While planning the talk I felt like I was missing the factor in stories I credit to Darren Kuropatwa, the “So What”… until I got it from meeting Amy Collier for coffee in Middlebury, Vermont.
Amy Collier is someone I have read, followed passed by in twitter a while, met briefly at #et4online in Dallas, April 2015. Knowing that she was just into a new exciting role at Middlebury College, where I was visiting anyhow to visit Barbara Ganley and Bryan Alexander, the timing worked well to meet before she flew out for #dlrn.

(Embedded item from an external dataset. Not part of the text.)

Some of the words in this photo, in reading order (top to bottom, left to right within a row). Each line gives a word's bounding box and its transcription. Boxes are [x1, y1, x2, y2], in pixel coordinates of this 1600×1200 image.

The conversation with Amy opened up everything in terms of the next A. After describing the flow of my talk, likely only semi-coherently, she asked me if I knew of “the paper about Miss A”. She described it as a research study that tracked long terms students of a certain first grade teacher who had a significant impact on their later life success. She told me the author was “Pederson with a d”.
That’s what I had – a paper about Miss A authored by someone named “Pederson”.

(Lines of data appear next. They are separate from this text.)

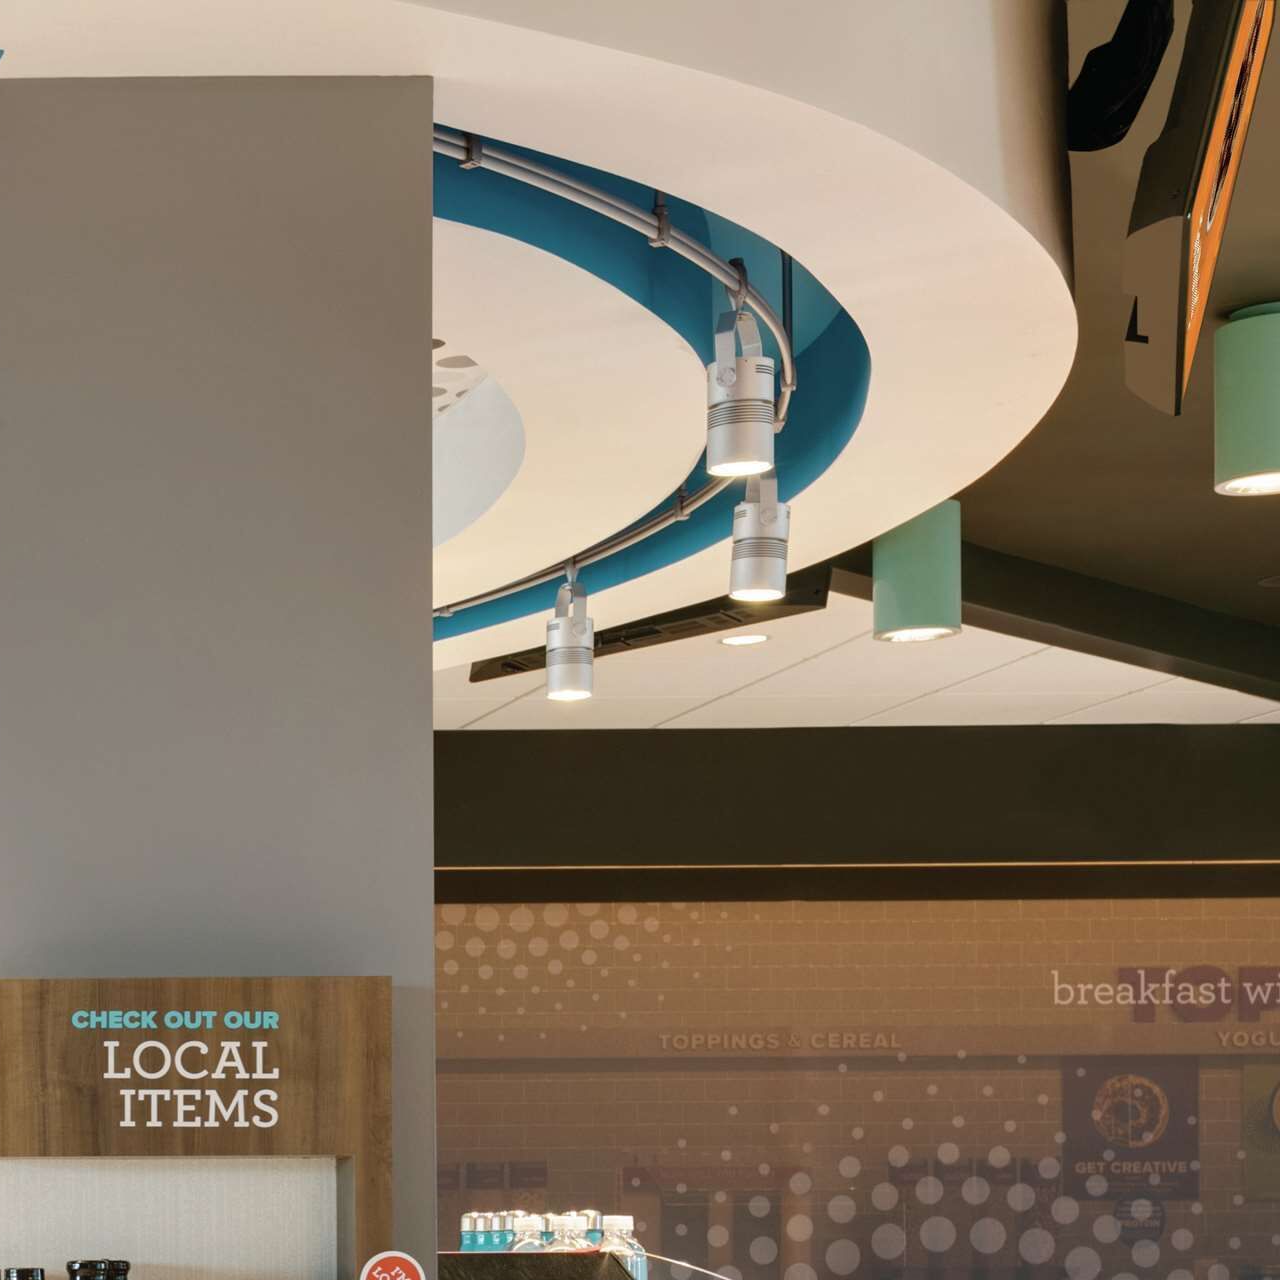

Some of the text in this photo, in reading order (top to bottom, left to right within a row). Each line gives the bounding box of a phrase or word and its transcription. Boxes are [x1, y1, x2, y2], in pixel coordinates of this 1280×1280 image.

[1051, 969, 1232, 1005] breakfast
[71, 1010, 280, 1030] CHECK OUT OUR
[659, 1032, 902, 1050] TOPPINGS & CEREAL
[103, 1040, 280, 1080] LOCAL
[119, 1088, 280, 1128] ITEMS
[1075, 1161, 1187, 1174] GET CREATIVE

Now we pretty much web search without thinking it’s special; google is now a verb… but frankly, jist stop to take in stride that I can type
"Miss A" teacher Pederson in a box, and in seconds get these results… well, that’s Amazing.
The first result is not the Amazing paper, but is part of the path to get there. The Amazing Miss A – And Why We Should Care About Her (a PDF) is the transcript of a 2002 talk by Daniel Fallon who was then Chair of the Education Division of the Carnegie Corporation of New York.
Fallon’s talk summarizes the Amazing Article, first introducing us to the “Pederson with a D”:
Professor Eigil Pedersen is the senior author of the lead article in the Harvard Educational Review from the issue of February 1978. He had already been Provost for six years at the time the article appeared, so it is all the more remarkable for having been completed while the author was laden with heavy administrative responsibility. Although the editors of the journal saw the obvious significance of the study, it was nonetheless largely ignored because it ran against the prevailing orthodoxy of the time. A few discerning scholars, however, were impressed with the elegance of its writing and the exceptional genius of its scholarship. Therefore, since its appearance it has been assigned occasionally in graduate seminars along with other articles, which is how I found it last year. Current cutting-edge research has now validated Pedersen’s essential findings, making his contribution of high importance today, more than 23 years after its publication.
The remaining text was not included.